### ACTIVITY
A verbatim repetition of the data below is requested, without images.

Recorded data
=====

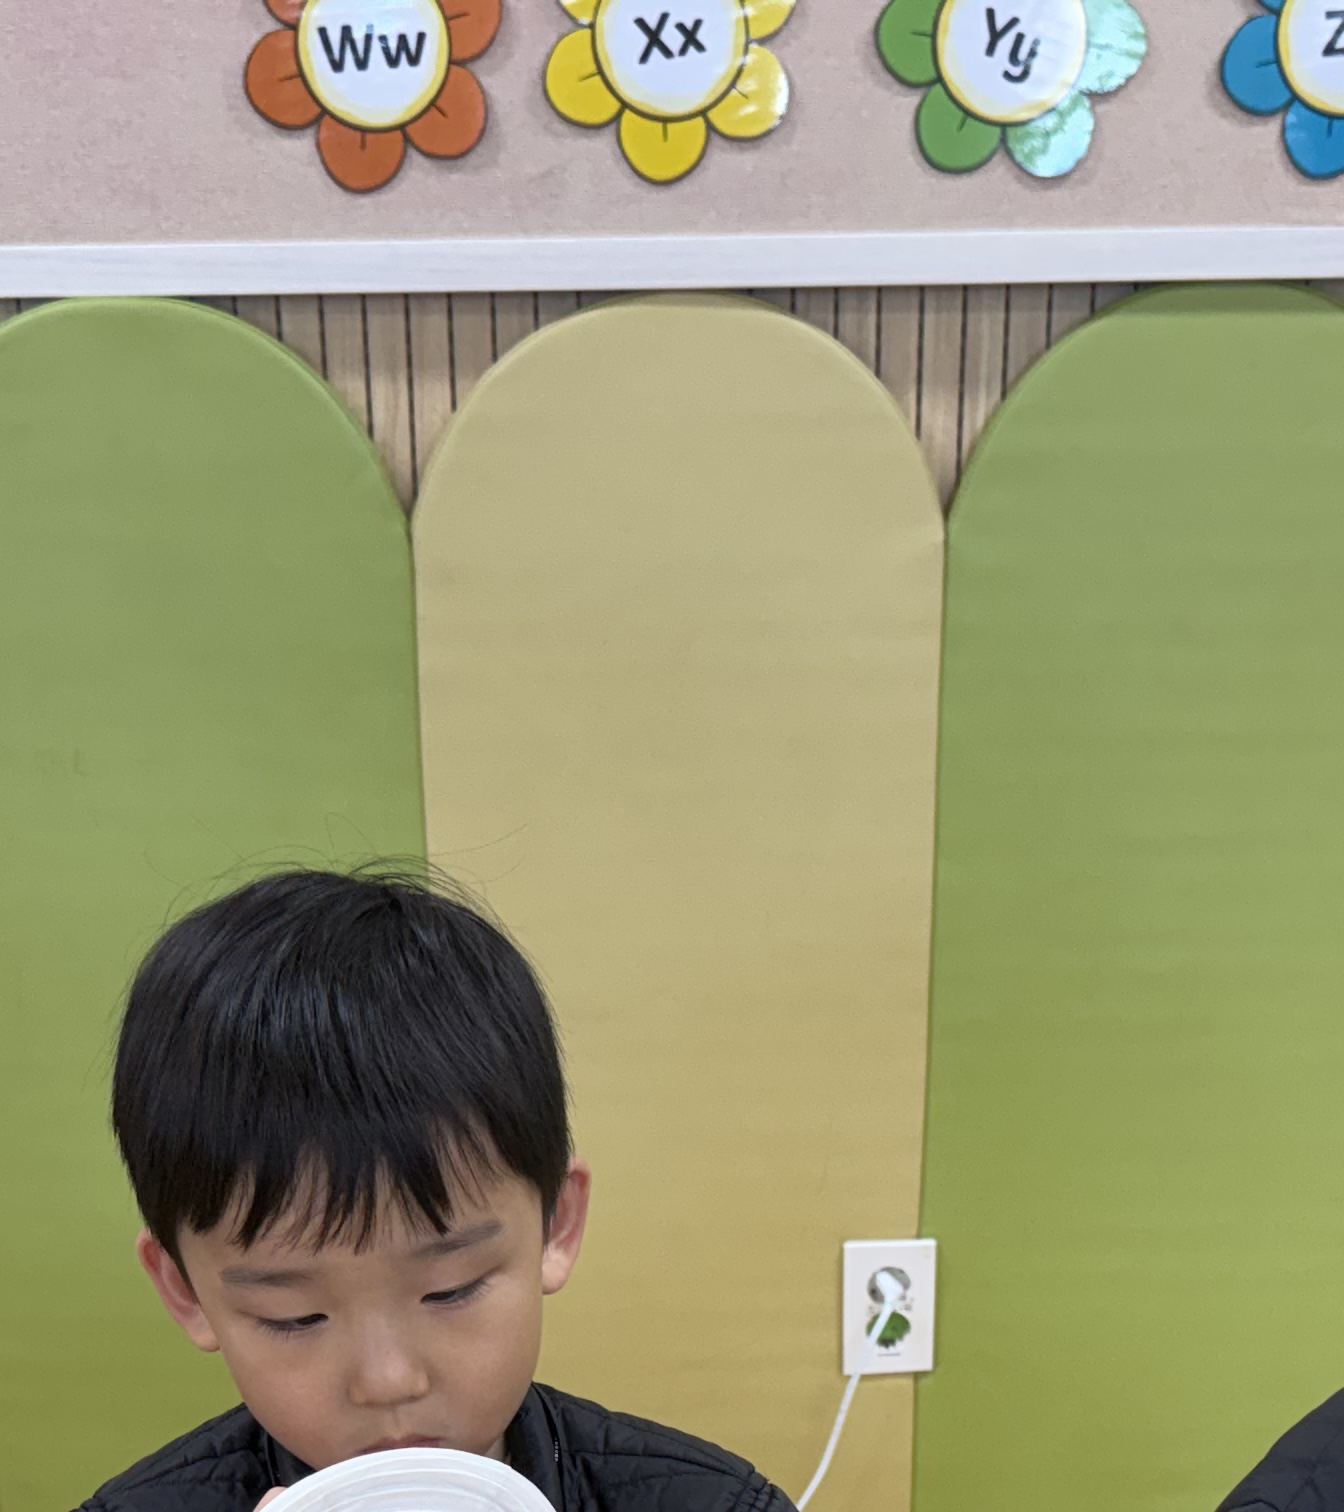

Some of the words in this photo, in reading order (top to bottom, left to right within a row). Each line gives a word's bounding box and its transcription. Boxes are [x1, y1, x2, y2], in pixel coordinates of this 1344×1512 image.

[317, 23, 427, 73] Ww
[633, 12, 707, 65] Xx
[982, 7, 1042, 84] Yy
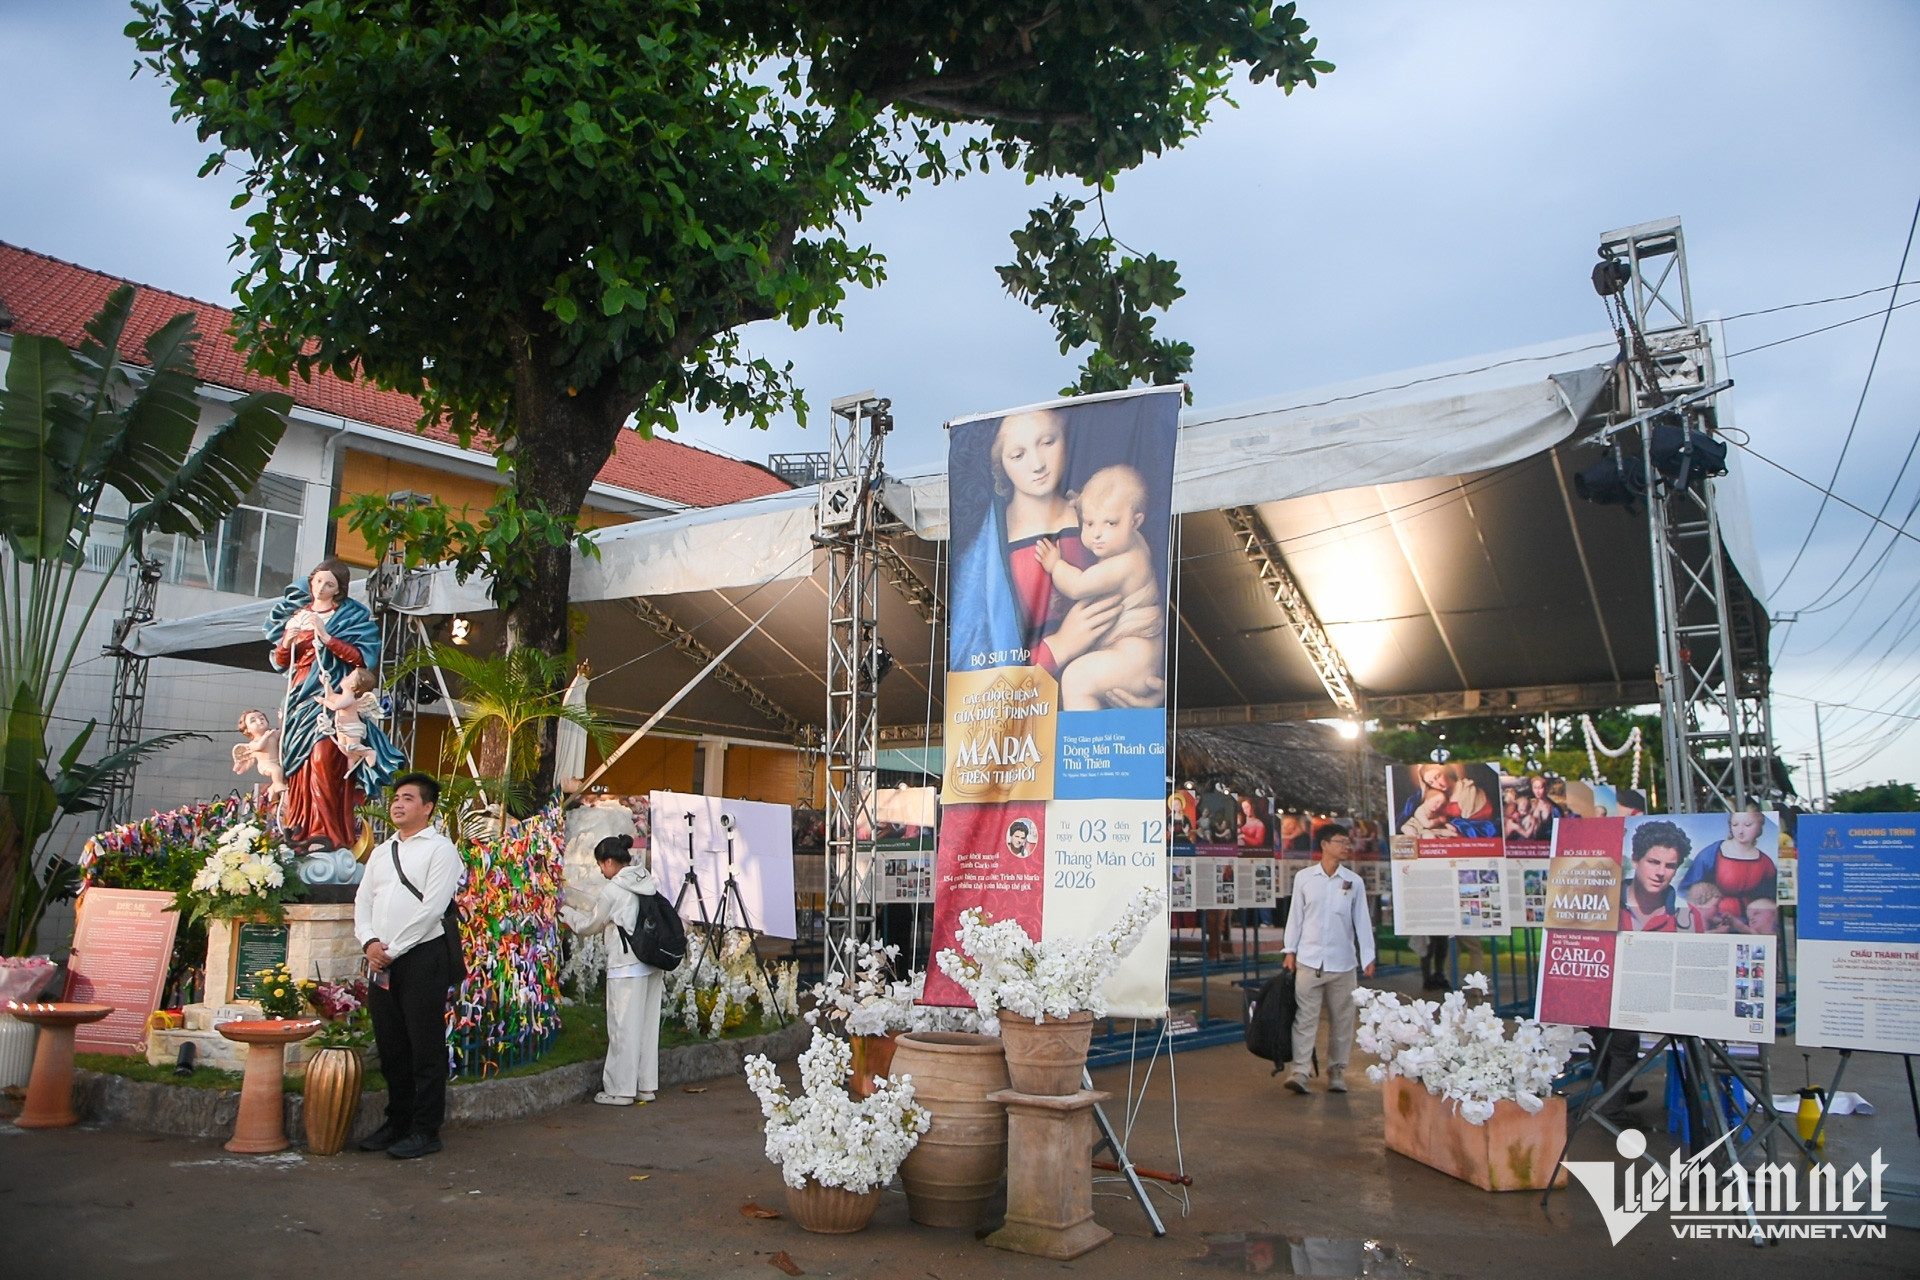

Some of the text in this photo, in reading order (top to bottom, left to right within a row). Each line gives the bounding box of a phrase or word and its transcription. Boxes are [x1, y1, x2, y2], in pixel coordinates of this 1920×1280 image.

=====

### WRITTEN ANSWER
Some of the words in this photo, in reading order (top to bottom, left to right within a row). Each line gives a word's bounding box and its transcription. Boxes are [x1, y1, x2, y2], in pixel coordinates of this 1344×1512 image.

[317, 23, 427, 73] Ww
[633, 12, 707, 65] Xx
[982, 7, 1042, 84] Yy

Some of the text in this photo, in reading order (top to bottom, left to right within a row). Each line gives the bounding box of a phrase or word and its transcription. Boxes are [x1, y1, x2, y2], in pixel coordinates of this 1920×1280 image.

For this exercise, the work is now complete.